Der Schleim in den Atemwegen ist derart zäh, dass er kaum noch abgehustet werden kann. Die zurückbleibende Schleimauflage begünstigt bakterielle Entzündungen, die auf lange Sicht gesehen die Schleimhaut in den Atemwegen schädigen. In der Folge nimmt das Lungengewebe selbst Schaden und wird letztlich zerstört. Im Verdauungstrakt führen die zähen Sekrete dazu, dass die Gänge der Bauchspeicheldrüse und der Gallenblase verstopfen. Dadurch können nicht mehr alle Nahrungsbestandteile ausreichend ins Blut aufgenommen werden. Daraus resultiert zum einen eine Mangelernährung, zum anderen büßen Bauchspeicheldrüse, Darm und Leber an Funktionsfähigkeit ein.

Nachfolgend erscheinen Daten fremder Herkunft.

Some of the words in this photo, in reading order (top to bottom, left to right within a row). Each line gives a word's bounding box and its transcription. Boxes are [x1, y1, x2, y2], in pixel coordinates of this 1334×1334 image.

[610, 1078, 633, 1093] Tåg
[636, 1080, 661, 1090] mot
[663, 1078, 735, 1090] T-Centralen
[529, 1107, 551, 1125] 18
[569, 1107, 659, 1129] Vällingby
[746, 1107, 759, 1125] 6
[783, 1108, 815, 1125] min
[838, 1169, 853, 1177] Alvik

Männer mit Mukoviszidose sind meist unfruchtbar. Frauen können zwar Kinder bekommen, benötigen dafür aber im Allgemeinen medizinische Hilfe, weil ihr Zyklus unregelmäßig ist und das zähe Sekret im Genitaltrakt die Spermien nicht durchlässt.
Nach der Geburt fällt die Erkrankung nicht immer gleich auf; im ersten Lebensjahr wird sie aber bei nahezu zwei Dritteln der Kinder erkannt.